SBI, Union Bank of India, Bank of Baroda, Punjab National Bank and ICICI Bank were down in the range 1% to 2%.

Rate sensitive stocks trade weak post RBI policy
SI Reporter Mumbai
Last Updated : Dec 06 2017 | 4:36 PM IST
The stocks of rate sensitive sectors - banking, real estate and automobiles – ended lower after the Monetary Policy Committee (MPC) of the Reserve Bank of India (RBI) kept the repurchase (repo) rate unchanged at 6% in its fifth bi-monthly monetary policy review. 

The Nifty PSU Bank, the largest loser among sectoral indices, settled the day 2% lower at 3,751. The Nifty Private Bank and Nifty Bank indices were down 1% each, as compared to 0.7% decline in the Nifty50 index. Nifty Auto and Nifty Realty index were down 0.78% and 0.41%, respectively.

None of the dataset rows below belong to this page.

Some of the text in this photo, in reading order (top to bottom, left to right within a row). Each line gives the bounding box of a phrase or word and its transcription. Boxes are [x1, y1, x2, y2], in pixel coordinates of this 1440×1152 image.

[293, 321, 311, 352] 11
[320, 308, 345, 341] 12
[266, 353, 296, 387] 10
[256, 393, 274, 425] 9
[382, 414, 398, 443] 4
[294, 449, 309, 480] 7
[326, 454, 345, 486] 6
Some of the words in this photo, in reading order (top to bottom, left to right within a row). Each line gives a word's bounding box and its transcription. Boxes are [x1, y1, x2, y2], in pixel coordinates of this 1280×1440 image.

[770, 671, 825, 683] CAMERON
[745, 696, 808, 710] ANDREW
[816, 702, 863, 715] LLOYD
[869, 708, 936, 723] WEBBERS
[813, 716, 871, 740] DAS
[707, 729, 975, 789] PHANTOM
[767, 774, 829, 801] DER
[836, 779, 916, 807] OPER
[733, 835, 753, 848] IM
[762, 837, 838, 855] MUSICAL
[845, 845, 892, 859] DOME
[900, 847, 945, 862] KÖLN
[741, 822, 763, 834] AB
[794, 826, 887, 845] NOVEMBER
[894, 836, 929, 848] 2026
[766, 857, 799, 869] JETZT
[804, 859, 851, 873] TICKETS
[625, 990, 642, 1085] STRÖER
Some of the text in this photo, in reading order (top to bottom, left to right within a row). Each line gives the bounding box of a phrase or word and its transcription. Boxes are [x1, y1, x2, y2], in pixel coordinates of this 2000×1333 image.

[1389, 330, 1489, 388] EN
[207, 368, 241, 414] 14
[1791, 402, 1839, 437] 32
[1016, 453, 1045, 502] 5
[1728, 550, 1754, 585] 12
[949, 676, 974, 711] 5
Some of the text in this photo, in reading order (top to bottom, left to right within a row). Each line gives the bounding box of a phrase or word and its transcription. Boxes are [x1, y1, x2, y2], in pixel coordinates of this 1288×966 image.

"Given that interest rates are unlikely to reduce at least in the near to medium term, rate sensitive stocks slid due to rising oil price and concern over fiscal slippage," said Vinod Nair, Head of Research, Geojit Financial Services.

Meanwhile, A K Prabhakar, head of research at IDBI Capital expects rate sensitive stocks to perform well in the short term. 

"As the move was expected, there is no major change to the outlook on rate-sensitive stocks. I believe the recovery is on cards for banking, auto and real estate sectors, more so for public and private sector banks and NBFCs because they have underperformed the market," he said. 

G Chokkalingam, Founder, Equinomics Research & Advisory believes interest rate cycle has bottomed out in India. He advised booking profits in the realty stocks. 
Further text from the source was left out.